Menanggapi hal tersebut, Wakil Bupati Berau Gamalis menegaskan pentingnya pengendalian inflasi daerah agar stabilitas harga kebutuhan pokok tetap terjaga dan tidak membebani daya beli masyarakat, khususnya kelompok berpenghasilan rendah.

“Lonjakan harga bahan pokok bukan sekadar persoalan ekonomi makro, tetapi berdampak langsung terhadap kehidupan masyarakat, terutama kelompok berpenghasilan rendah,” ujar Gamalis.

Menurutnya, pengendalian inflasi menjadi salah satu prioritas pemerintah daerah, mengingat tren kenaikan harga yang kerap terjadi menjelang maupun saat hari besar keagamaan dan nasional. Jika tidak dikendalikan, kenaikan harga berisiko menekan daya beli masyarakat dan memperberat pengeluaran rumah tangga, terlebih di tengah proses pemulihan ekonomi yang masih berlangsung.

Karena itu, Gamalis meminta seluruh organisasi perangkat daerah (OPD) agar tidak lengah dalam menyikapi potensi fluktuasi harga di pasaran.

“Pemerintah harus hadir dan sigap, karena yang paling merasakan dampaknya adalah masyarakat,” tegasnya.

Ia menilai, pengendalian inflasi tidak cukup hanya melalui pemantauan harga, tetapi juga harus dibarengi langkah konkret untuk menjaga stabilitas pasokan dan kelancaran distribusi bahan pokok.

“Kelancaran distribusi menjadi faktor penting agar tidak terjadi kelangkaan yang berujung pada kenaikan harga tidak wajar,” jelas Gamalis.

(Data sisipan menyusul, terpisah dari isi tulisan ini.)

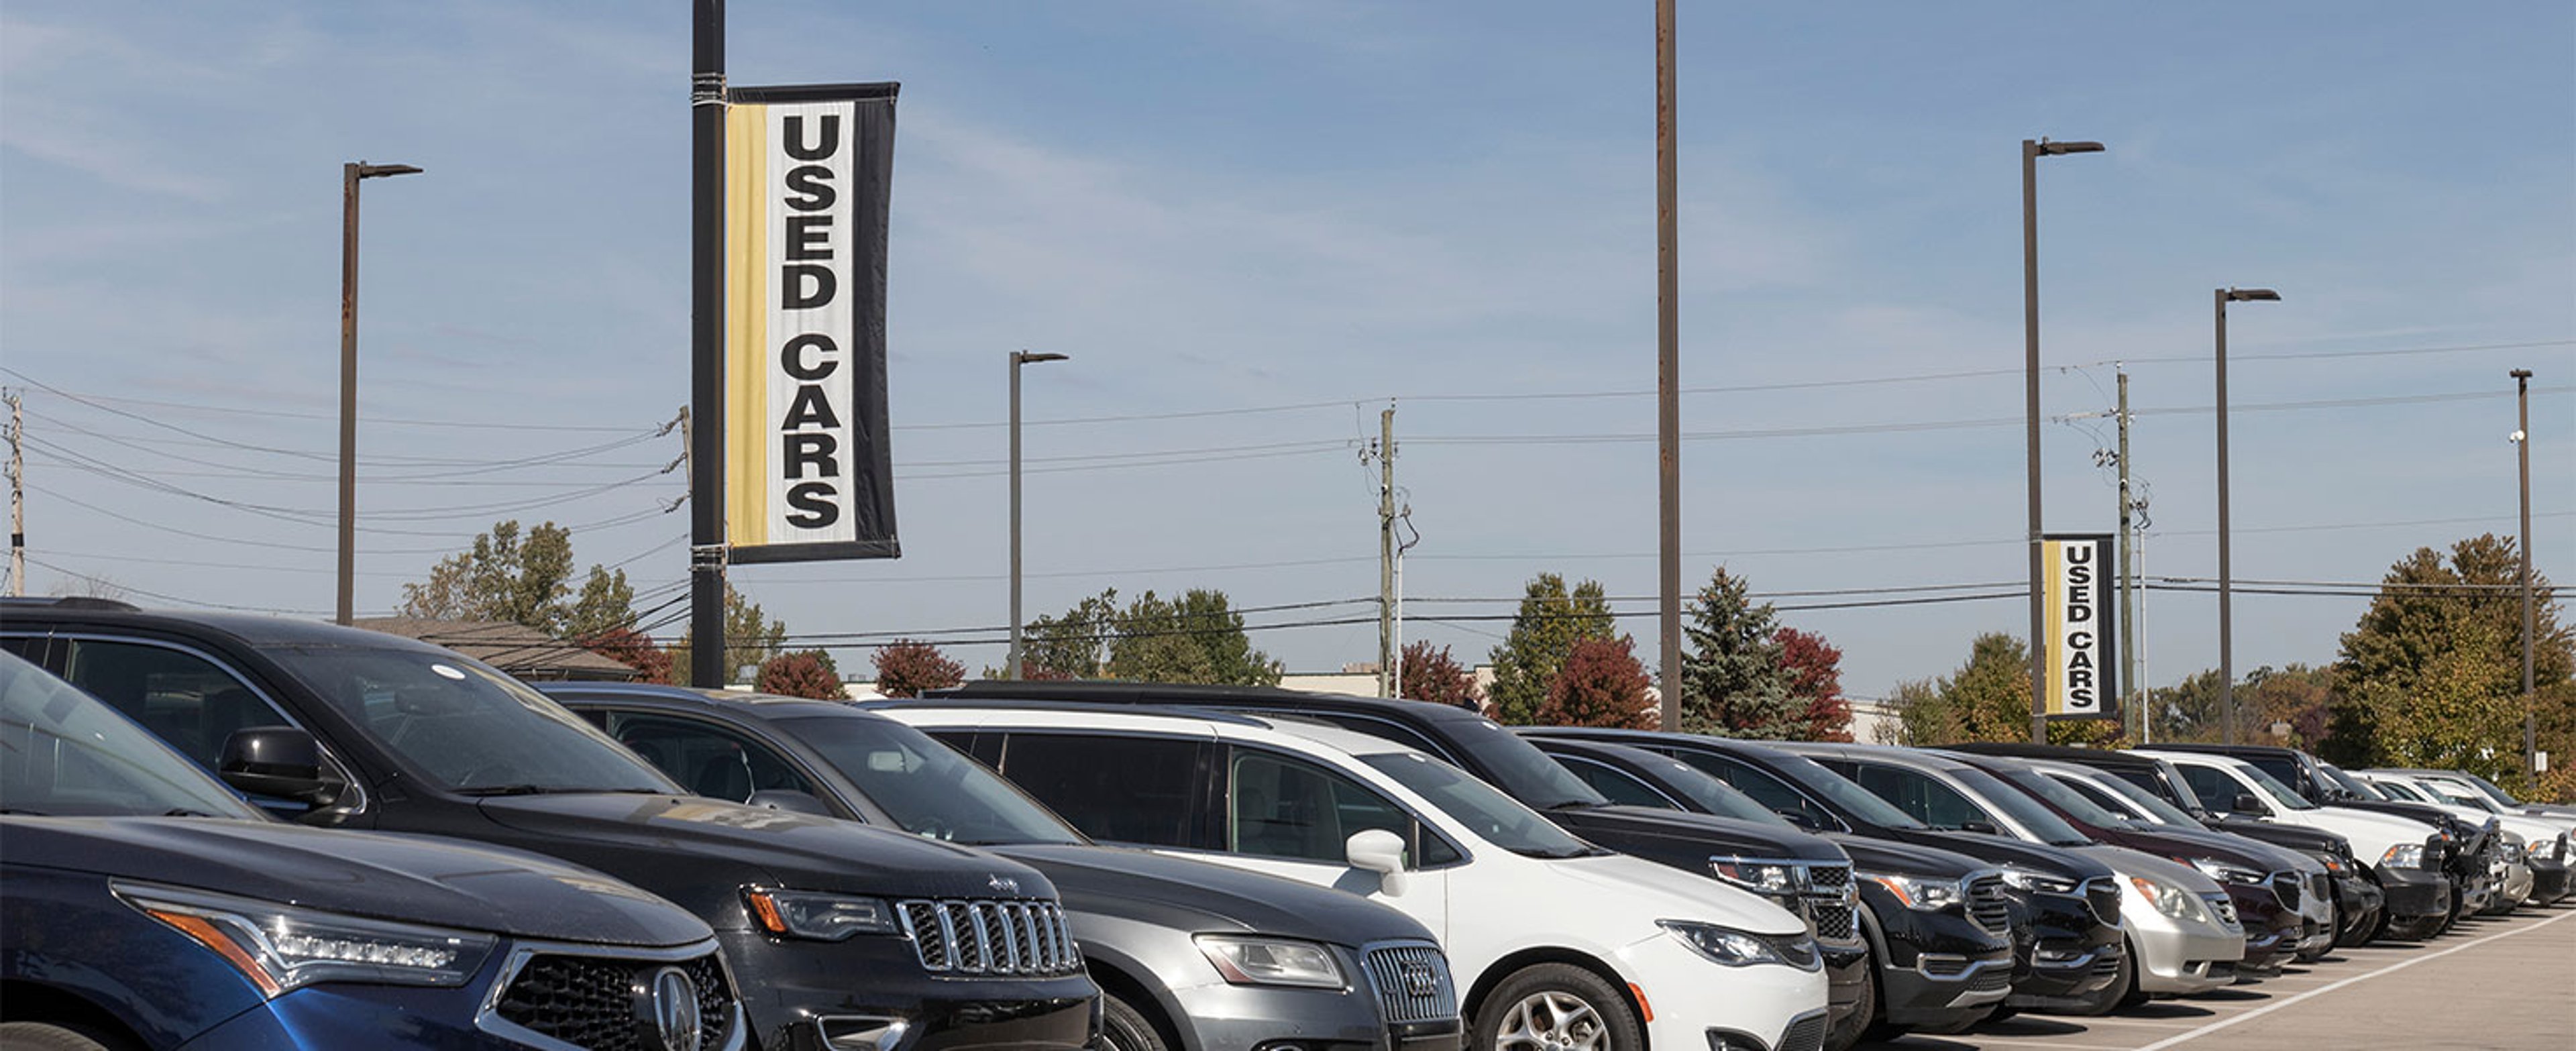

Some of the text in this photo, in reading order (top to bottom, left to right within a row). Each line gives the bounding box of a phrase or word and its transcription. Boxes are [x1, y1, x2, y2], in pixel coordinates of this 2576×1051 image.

[781, 115, 841, 529] USED CARS
[2067, 546, 2093, 708] USED CARS

Selain itu, ia menekankan pentingnya pengawasan untuk mencegah praktik penimbunan barang oleh oknum tertentu yang dapat memperburuk kondisi pasar dan merugikan masyarakat.

“Pengawasan harus dilakukan secara terpadu dengan melibatkan instansi terkait dan aparat pengawasan,” imbuhnya.

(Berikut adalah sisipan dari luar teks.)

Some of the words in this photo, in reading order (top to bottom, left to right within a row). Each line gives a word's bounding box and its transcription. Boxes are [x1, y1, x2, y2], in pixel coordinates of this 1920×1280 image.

Pemkab Berau, lanjut Gamalis, juga membuka peluang melakukan intervensi pasar apabila terjadi lonjakan harga yang signifikan. Langkah tersebut dapat dilakukan melalui pasar murah atau operasi pasar, terutama untuk komoditas strategis seperti beras, gula, minyak goreng, dan cabai.

“Kalau memang diperlukan, intervensi pasar harus segera dilakukan. Jangan menunggu sampai harga telanjur tinggi dan memberatkan masyarakat,” tegasnya.

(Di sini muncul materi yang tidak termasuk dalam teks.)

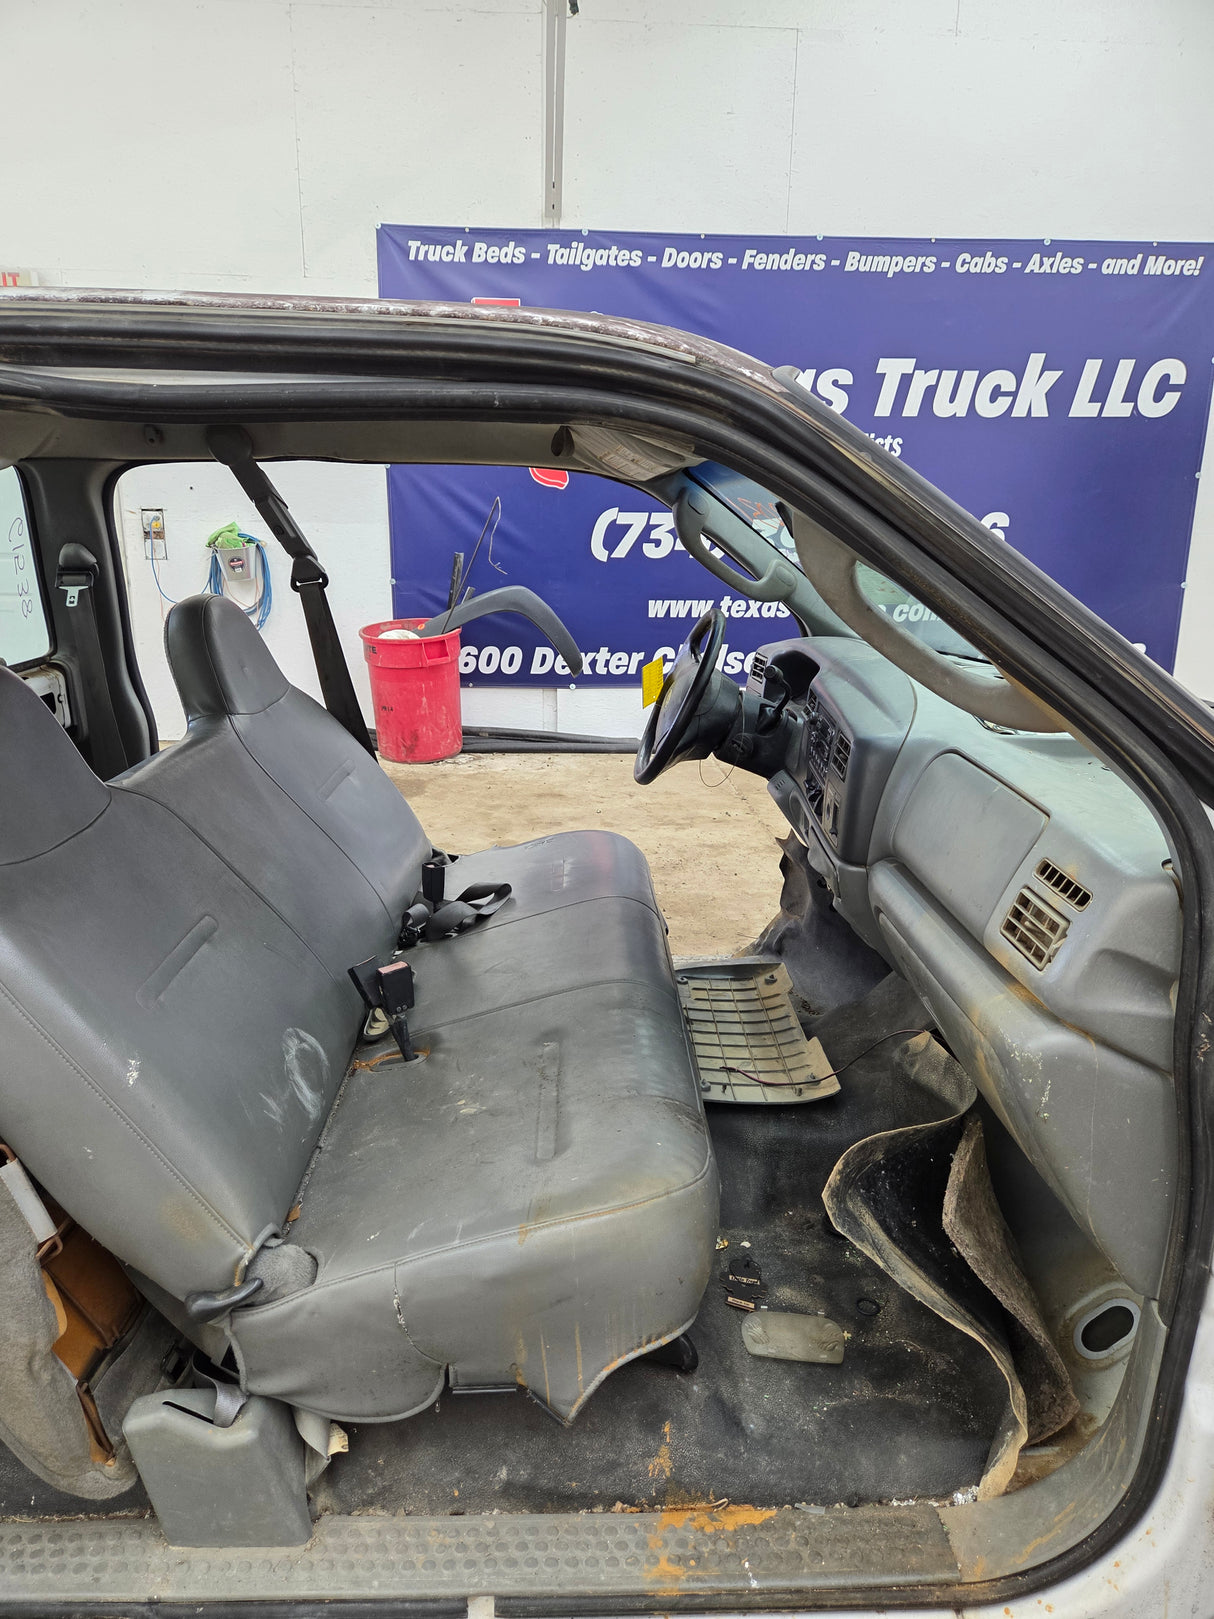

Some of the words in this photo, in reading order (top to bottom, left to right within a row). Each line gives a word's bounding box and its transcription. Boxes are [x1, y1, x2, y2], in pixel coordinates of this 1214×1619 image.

[407, 240, 467, 263] Truck
[471, 240, 526, 264] Beds
[546, 242, 642, 271] Tailgates
[660, 247, 723, 269] Doors
[742, 248, 826, 271] Fenders
[844, 251, 937, 278] Bumpers
[956, 252, 1008, 274] Cabs
[1024, 252, 1084, 275] Axles
[1101, 254, 1144, 276] and
[1143, 256, 1204, 277] More!
[873, 353, 1063, 418] Truck
[1068, 358, 1187, 419] LLC
[530, 640, 645, 676] Dexter

Ia menambahkan, koordinasi lintas sektor menjadi kunci keberhasilan pengendalian inflasi, mulai dari Diskoperindag, Dinas Pangan, hingga instansi yang memiliki fungsi pengawasan.

“Sinergi yang kuat antarinstansi menjadi kunci agar langkah pengendalian inflasi dapat berjalan efektif dan tepat sasaran,” tuturnya.

Gamalis juga mengajak para pelaku usaha dan distributor untuk berperan aktif menjaga stabilitas harga serta tidak mengambil keuntungan berlebihan di tengah kondisi ekonomi masyarakat yang masih berangsur pulih.

“Stabilitas harga adalah tanggung jawab bersama. Pemerintah hadir untuk menjaga keseimbangan, tetapi pelaku usaha juga harus memiliki kepedulian sosial,” pungkasnya. (*/pan)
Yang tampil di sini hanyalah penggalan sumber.